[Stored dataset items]
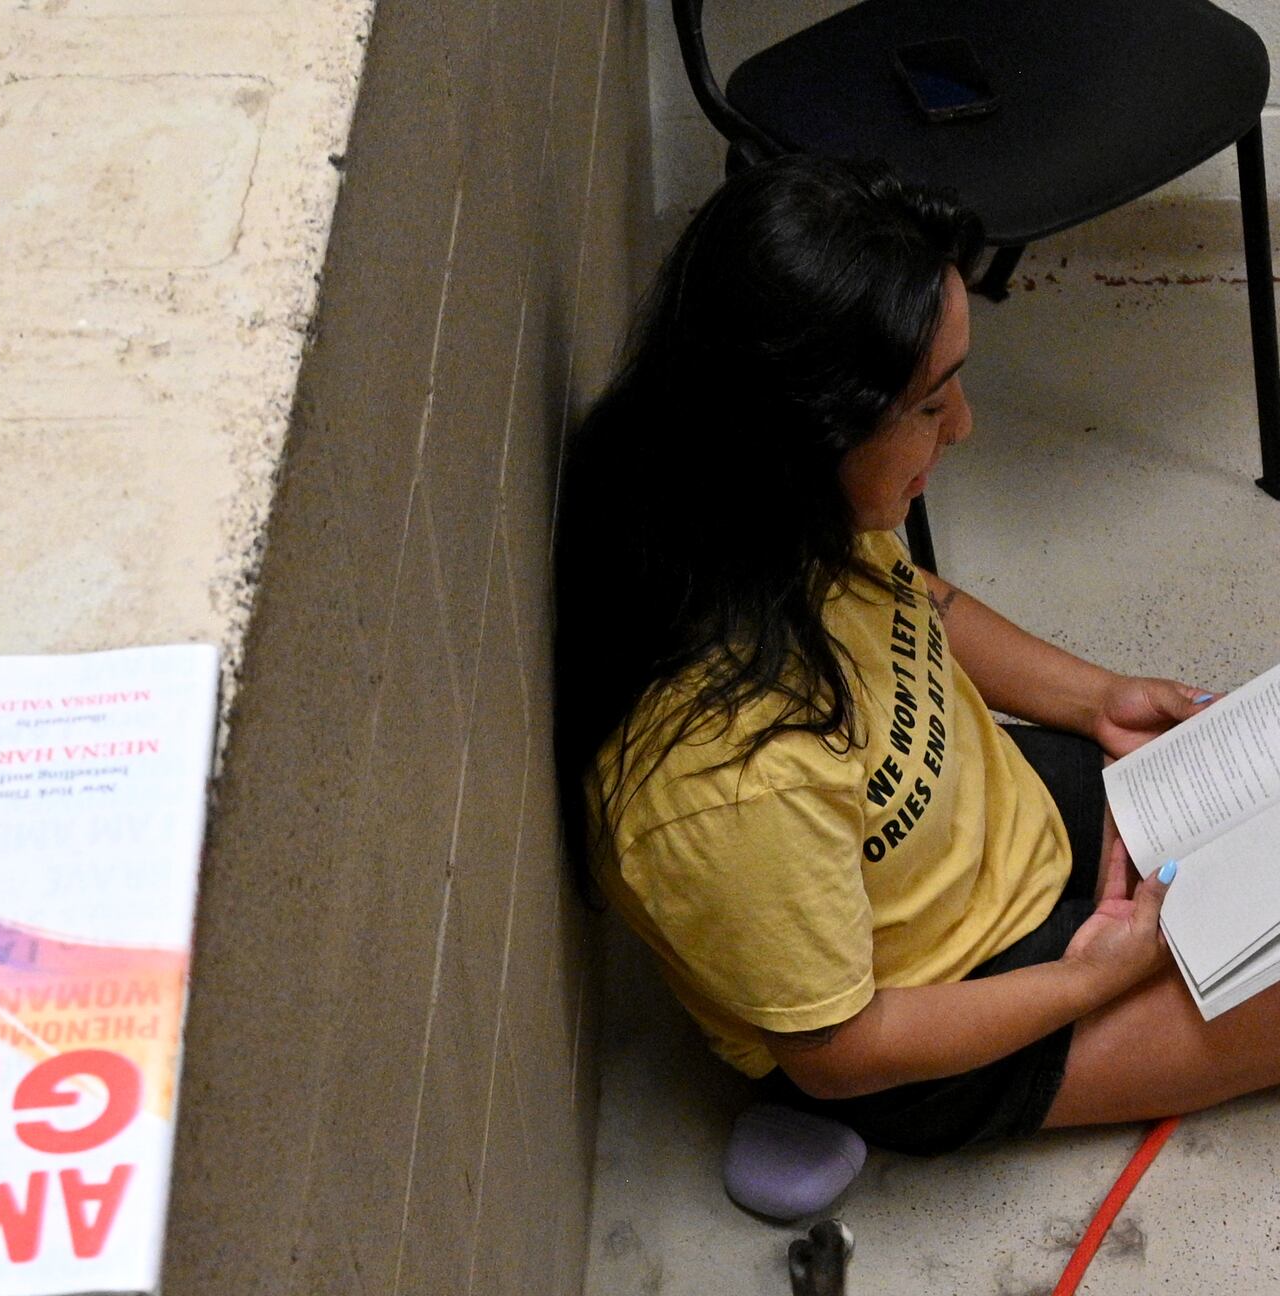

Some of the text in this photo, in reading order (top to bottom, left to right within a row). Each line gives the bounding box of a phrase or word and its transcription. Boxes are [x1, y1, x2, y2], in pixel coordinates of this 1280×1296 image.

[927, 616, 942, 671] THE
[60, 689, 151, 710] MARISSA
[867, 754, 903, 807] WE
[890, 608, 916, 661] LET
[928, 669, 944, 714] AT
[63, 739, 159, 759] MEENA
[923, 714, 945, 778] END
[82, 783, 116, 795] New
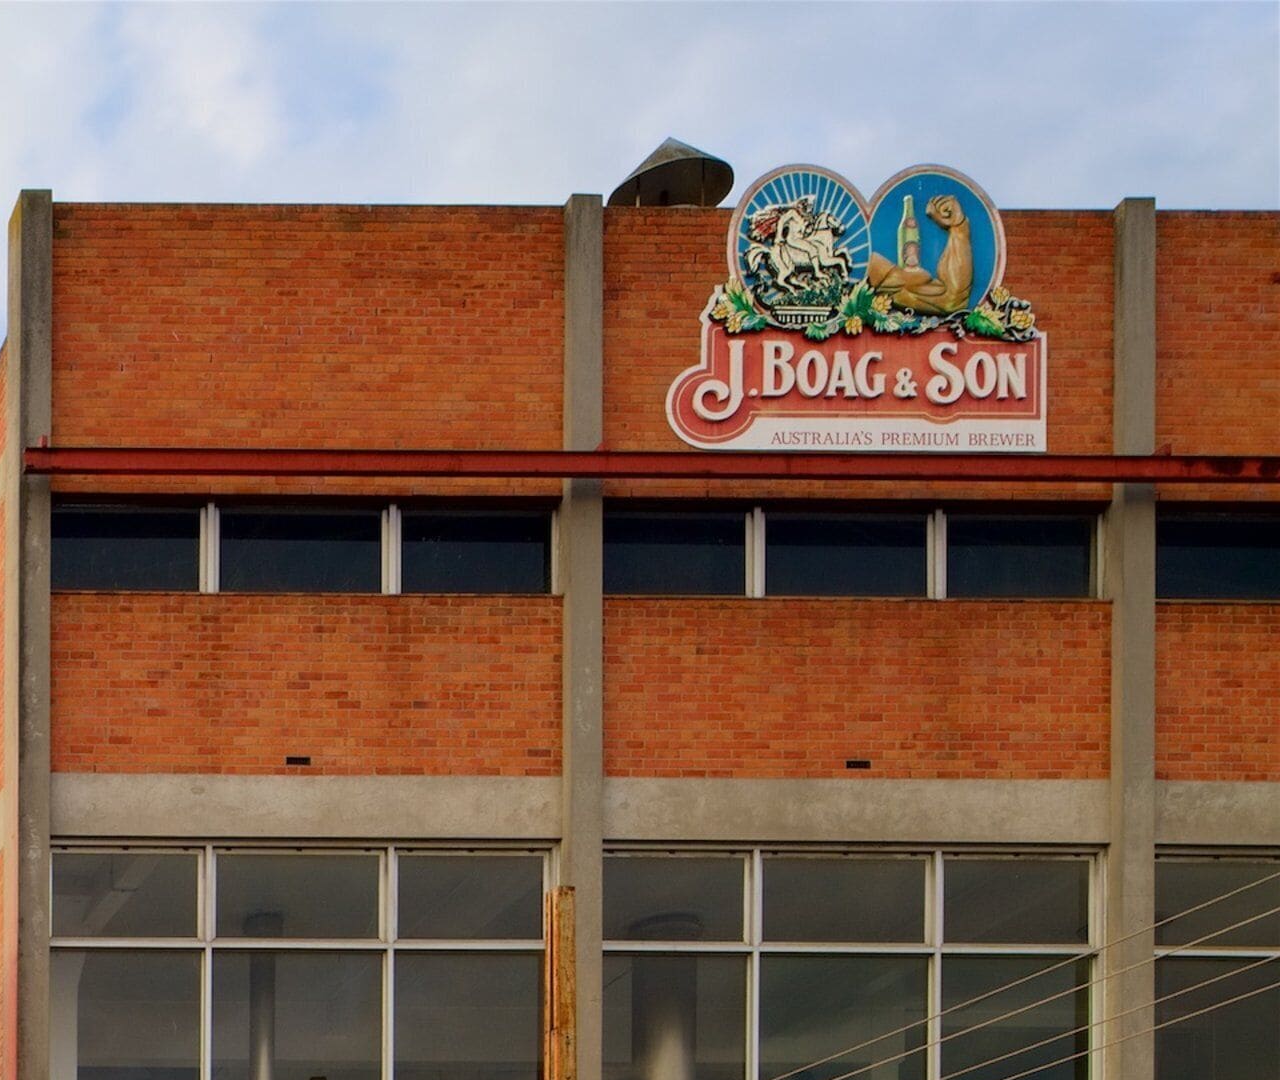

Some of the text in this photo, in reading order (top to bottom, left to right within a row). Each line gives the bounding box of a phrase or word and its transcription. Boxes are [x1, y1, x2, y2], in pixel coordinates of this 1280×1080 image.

How to complete this task →
Rewrite the data above exactly as given, but omit the images.

Worked solution →
Some of the text in this photo, in reading order (top to bottom, left to right within a row). Each line gives the bounding box of a phrase or word and its transcription. Boxes are [x1, y1, x2, y2], in pixel coordinates of this 1280×1296 image.

[927, 616, 942, 671] THE
[60, 689, 151, 710] MARISSA
[867, 754, 903, 807] WE
[890, 608, 916, 661] LET
[928, 669, 944, 714] AT
[63, 739, 159, 759] MEENA
[923, 714, 945, 778] END
[82, 783, 116, 795] New

Some of the text in this photo, in reading order (top to bottom, left to right within a row). Each line gives the bounding box of a phrase or word and its transcription. Boxes are [x1, y1, x2, y2], in pixel coordinates of this 1280×1080 image.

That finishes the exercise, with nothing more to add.